• **WORK INSTRUCTIONS**: Set down the entries exactly. No line may differ from its source.

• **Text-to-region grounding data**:
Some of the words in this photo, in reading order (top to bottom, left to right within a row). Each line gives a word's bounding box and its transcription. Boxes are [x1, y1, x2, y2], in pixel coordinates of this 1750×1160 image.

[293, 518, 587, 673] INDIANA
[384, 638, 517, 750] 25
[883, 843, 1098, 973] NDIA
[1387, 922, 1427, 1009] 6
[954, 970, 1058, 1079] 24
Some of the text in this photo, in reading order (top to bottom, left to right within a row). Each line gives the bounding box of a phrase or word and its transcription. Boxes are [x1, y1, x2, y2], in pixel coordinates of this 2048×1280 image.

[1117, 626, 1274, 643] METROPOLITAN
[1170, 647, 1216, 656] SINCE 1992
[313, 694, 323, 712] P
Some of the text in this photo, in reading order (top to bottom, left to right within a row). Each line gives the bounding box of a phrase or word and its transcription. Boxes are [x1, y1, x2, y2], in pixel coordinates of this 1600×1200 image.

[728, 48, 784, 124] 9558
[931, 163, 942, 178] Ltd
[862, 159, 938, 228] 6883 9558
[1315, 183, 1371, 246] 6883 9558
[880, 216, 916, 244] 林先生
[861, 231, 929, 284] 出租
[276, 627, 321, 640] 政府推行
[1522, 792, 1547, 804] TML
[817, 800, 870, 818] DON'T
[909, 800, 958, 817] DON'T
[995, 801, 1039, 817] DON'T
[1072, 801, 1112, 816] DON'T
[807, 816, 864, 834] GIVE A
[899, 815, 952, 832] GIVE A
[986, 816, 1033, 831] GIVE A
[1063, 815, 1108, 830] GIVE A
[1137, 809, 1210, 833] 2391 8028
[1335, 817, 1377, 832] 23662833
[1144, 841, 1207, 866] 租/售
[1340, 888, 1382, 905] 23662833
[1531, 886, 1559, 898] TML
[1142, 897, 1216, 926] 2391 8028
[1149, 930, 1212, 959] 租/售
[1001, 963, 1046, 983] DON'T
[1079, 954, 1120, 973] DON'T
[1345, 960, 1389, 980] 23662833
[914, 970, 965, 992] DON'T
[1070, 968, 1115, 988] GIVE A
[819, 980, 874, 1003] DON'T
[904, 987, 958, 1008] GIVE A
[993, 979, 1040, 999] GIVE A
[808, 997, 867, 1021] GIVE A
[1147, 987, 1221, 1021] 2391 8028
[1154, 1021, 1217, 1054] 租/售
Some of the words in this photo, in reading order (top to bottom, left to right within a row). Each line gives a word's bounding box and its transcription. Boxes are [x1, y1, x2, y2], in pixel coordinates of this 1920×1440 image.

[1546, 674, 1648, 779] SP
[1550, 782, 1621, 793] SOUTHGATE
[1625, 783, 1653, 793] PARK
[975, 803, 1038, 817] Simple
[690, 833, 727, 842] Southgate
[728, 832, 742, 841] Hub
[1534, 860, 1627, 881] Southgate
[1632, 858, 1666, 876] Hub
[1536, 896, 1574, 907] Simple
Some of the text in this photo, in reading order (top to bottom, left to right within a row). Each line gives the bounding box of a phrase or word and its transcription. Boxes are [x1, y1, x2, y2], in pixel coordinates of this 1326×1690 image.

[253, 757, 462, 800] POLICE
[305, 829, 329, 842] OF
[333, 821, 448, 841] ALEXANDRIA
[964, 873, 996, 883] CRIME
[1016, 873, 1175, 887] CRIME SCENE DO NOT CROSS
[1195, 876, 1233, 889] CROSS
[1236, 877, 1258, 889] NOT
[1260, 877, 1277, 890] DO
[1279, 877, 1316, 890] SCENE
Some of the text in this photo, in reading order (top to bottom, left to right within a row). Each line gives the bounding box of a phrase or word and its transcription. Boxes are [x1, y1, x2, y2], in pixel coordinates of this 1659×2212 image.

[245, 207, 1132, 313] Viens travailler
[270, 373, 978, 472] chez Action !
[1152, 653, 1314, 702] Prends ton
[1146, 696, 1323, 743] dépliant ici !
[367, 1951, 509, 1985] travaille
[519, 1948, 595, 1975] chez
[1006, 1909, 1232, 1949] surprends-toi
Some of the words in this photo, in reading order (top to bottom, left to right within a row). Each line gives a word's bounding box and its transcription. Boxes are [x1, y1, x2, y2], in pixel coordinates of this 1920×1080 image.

• **EXERCISE OUTPUT**:
Some of the words in this photo, in reading order (top to bottom, left to right within a row). Each line gives a word's bounding box and its transcription. Boxes are [x1, y1, x2, y2], in pixel coordinates of this 1750×1160 image.

[293, 518, 587, 673] INDIANA
[384, 638, 517, 750] 25
[883, 843, 1098, 973] NDIA
[1387, 922, 1427, 1009] 6
[954, 970, 1058, 1079] 24
Some of the text in this photo, in reading order (top to bottom, left to right within a row). Each line gives the bounding box of a phrase or word and its transcription. Boxes are [x1, y1, x2, y2], in pixel coordinates of this 2048×1280 image.

[1117, 626, 1274, 643] METROPOLITAN
[1170, 647, 1216, 656] SINCE 1992
[313, 694, 323, 712] P
Some of the text in this photo, in reading order (top to bottom, left to right within a row). Each line gives the bounding box of a phrase or word and its transcription. Boxes are [x1, y1, x2, y2], in pixel coordinates of this 1600×1200 image.

[728, 48, 784, 124] 9558
[931, 163, 942, 178] Ltd
[862, 159, 938, 228] 6883 9558
[1315, 183, 1371, 246] 6883 9558
[880, 216, 916, 244] 林先生
[861, 231, 929, 284] 出租
[276, 627, 321, 640] 政府推行
[1522, 792, 1547, 804] TML
[817, 800, 870, 818] DON'T
[909, 800, 958, 817] DON'T
[995, 801, 1039, 817] DON'T
[1072, 801, 1112, 816] DON'T
[807, 816, 864, 834] GIVE A
[899, 815, 952, 832] GIVE A
[986, 816, 1033, 831] GIVE A
[1063, 815, 1108, 830] GIVE A
[1137, 809, 1210, 833] 2391 8028
[1335, 817, 1377, 832] 23662833
[1144, 841, 1207, 866] 租/售
[1340, 888, 1382, 905] 23662833
[1531, 886, 1559, 898] TML
[1142, 897, 1216, 926] 2391 8028
[1149, 930, 1212, 959] 租/售
[1001, 963, 1046, 983] DON'T
[1079, 954, 1120, 973] DON'T
[1345, 960, 1389, 980] 23662833
[914, 970, 965, 992] DON'T
[1070, 968, 1115, 988] GIVE A
[819, 980, 874, 1003] DON'T
[904, 987, 958, 1008] GIVE A
[993, 979, 1040, 999] GIVE A
[808, 997, 867, 1021] GIVE A
[1147, 987, 1221, 1021] 2391 8028
[1154, 1021, 1217, 1054] 租/售
Some of the words in this photo, in reading order (top to bottom, left to right within a row). Each line gives a word's bounding box and its transcription. Boxes are [x1, y1, x2, y2], in pixel coordinates of this 1920×1440 image.

[1546, 674, 1648, 779] SP
[1550, 782, 1621, 793] SOUTHGATE
[1625, 783, 1653, 793] PARK
[975, 803, 1038, 817] Simple
[690, 833, 727, 842] Southgate
[728, 832, 742, 841] Hub
[1534, 860, 1627, 881] Southgate
[1632, 858, 1666, 876] Hub
[1536, 896, 1574, 907] Simple
Some of the text in this photo, in reading order (top to bottom, left to right within a row). Each line gives the bounding box of a phrase or word and its transcription. Boxes are [x1, y1, x2, y2], in pixel coordinates of this 1326×1690 image.

[253, 757, 462, 800] POLICE
[305, 829, 329, 842] OF
[333, 821, 448, 841] ALEXANDRIA
[964, 873, 996, 883] CRIME
[1016, 873, 1175, 887] CRIME SCENE DO NOT CROSS
[1195, 876, 1233, 889] CROSS
[1236, 877, 1258, 889] NOT
[1260, 877, 1277, 890] DO
[1279, 877, 1316, 890] SCENE
Some of the text in this photo, in reading order (top to bottom, left to right within a row). Each line gives the bounding box of a phrase or word and its transcription. Boxes are [x1, y1, x2, y2], in pixel coordinates of this 1659×2212 image.

[245, 207, 1132, 313] Viens travailler
[270, 373, 978, 472] chez Action !
[1152, 653, 1314, 702] Prends ton
[1146, 696, 1323, 743] dépliant ici !
[367, 1951, 509, 1985] travaille
[519, 1948, 595, 1975] chez
[1006, 1909, 1232, 1949] surprends-toi
Some of the words in this photo, in reading order (top to bottom, left to right within a row). Each line gives a word's bounding box and its transcription. Boxes are [x1, y1, x2, y2], in pixel coordinates of this 1920×1080 image.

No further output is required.